Posted - Sep 02 2007 :  11:04:25 AM  Show Profile  Visit anthony574's Homepage  Reply with Quote  Get a Link to this Reply
I think I know what you mean by the dissociative symptoms. I had experimented with mushrooms once and had a horrifying experience and suffered periods of nearly crippling depersonalization or ego-death for months. This was before I encountered yoga and I didn't know what to do about it, I thought I was becoming schizophrenic. I looked a lot into it and found the use of the words "depersonalization" "cosmic lonliness" "ego death" more common and realized them to be a rite of passage for some. The opening of the mind for some people is bound to both be a joyous and uncomfortable experience at once. I think of it in terms of The Matrix when Morpheus says of the people still in the Matrix (ie Maya...the Illusion of Reality) "Most people are not ready to be unplugged." Not to say we are not ready, but I think some people are more ready than others. Perhaps it is a difference in karma or past lives. I read something onetime of an account of "cosmic lonliness" where someone said that when you experience these moments of existential depression you are experiencing the lonliness and angst of Brahman - that is knowing that you ARE what IS. Yeah, that can be a soothing thought...but also kind of terrifying to a mere ego who clings to notions of This and That, ying and yang, and especially Life and Death.

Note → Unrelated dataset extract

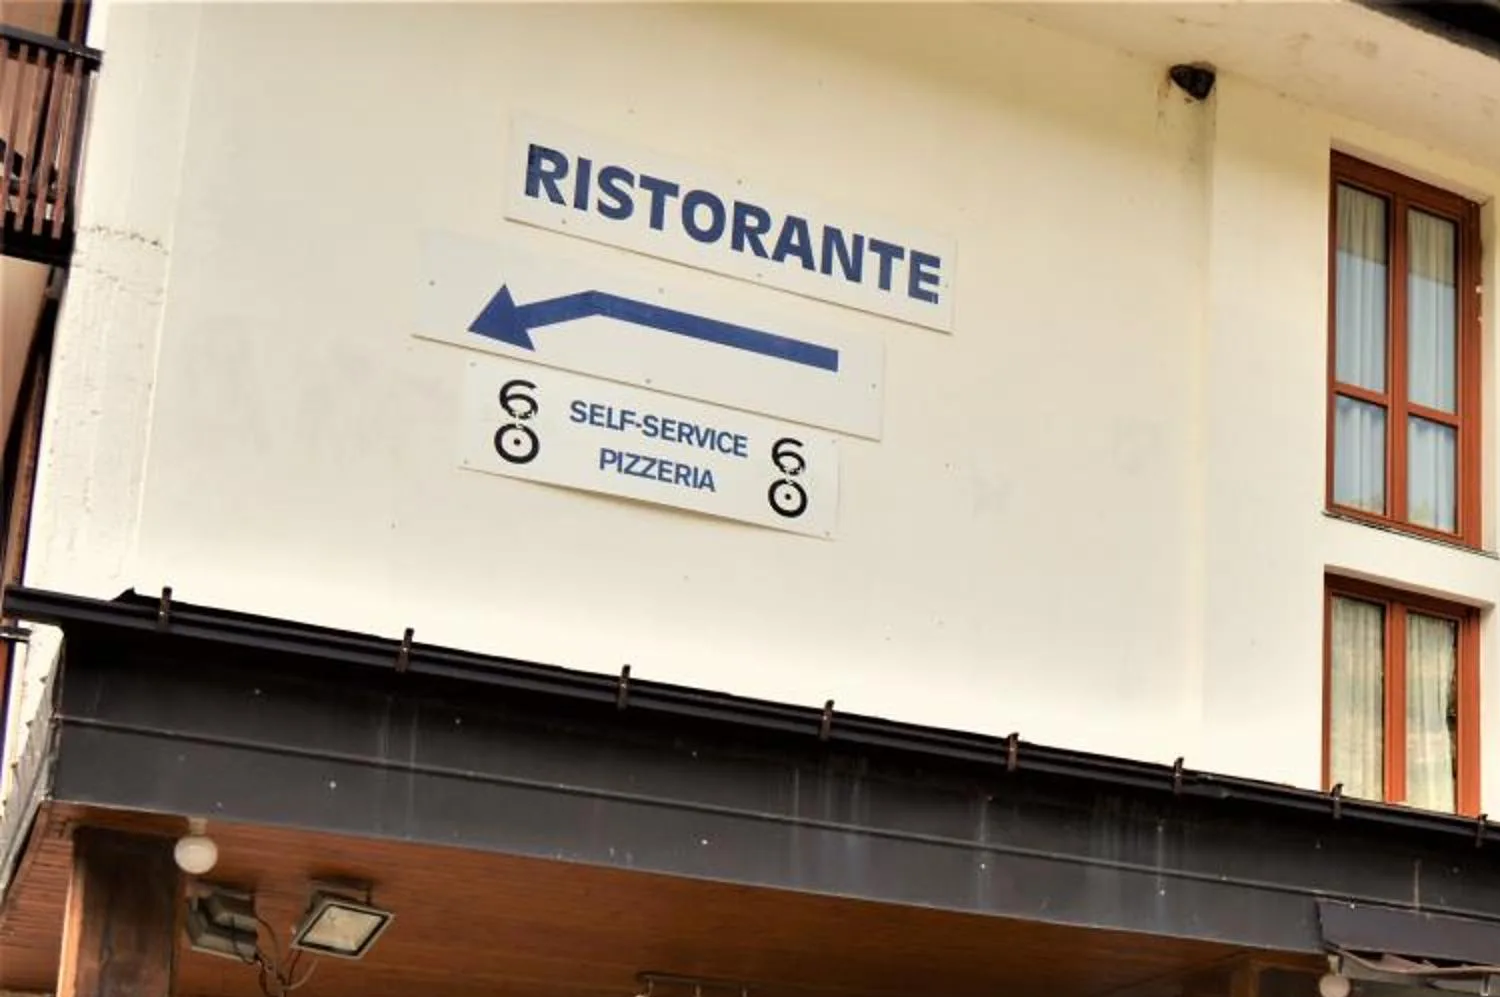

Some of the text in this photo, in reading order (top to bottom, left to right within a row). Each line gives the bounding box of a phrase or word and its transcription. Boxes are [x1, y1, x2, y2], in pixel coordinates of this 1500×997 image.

[524, 143, 941, 304] RISTORANTE
[569, 400, 748, 458] SELF-SERVICE
[600, 447, 715, 492] PIZZERIA

You are not too clear to me on what you mean by depression, but I assume it is of the existential sort. It made me feel sometimes like I had done something to myself and almost longed for the state of "ignorance" i used to be in, the old saying "ignorance is bliss"...but you could almost say "ignorance is LACK of Bliss". I have had depersonalizing moments where I would feel the whole atempt at Yoga and such is just a grand scheme to try to escape the "reality" of what my existential angst was trying to tell me - that nothing really matters, everything is an illusion, blah blah blah...but really, I try to look at Yoga as a mechanism for smoothing out and integrating these insights. In The Matrix, when Neo takes the blue pill and transcends the Matrix, or Maya - the illusion that is reality - he seems to adjust fairly well and thinks it is "cool"...but the fact is it would severely disturb someone. Our Bakti tells us that there is more out there, more to ourselves and sometimes this leads us to believe that since there is "more out there" than "this" is somewhat meaningless...and then when we do get closer to "there" we get disturbed. This is what would happen to me during my experiments with hallucinogenics. Yoga is a much more managable way to realize the Truth without going too fast for some people and blowing your ego to pieces too early and prematurely.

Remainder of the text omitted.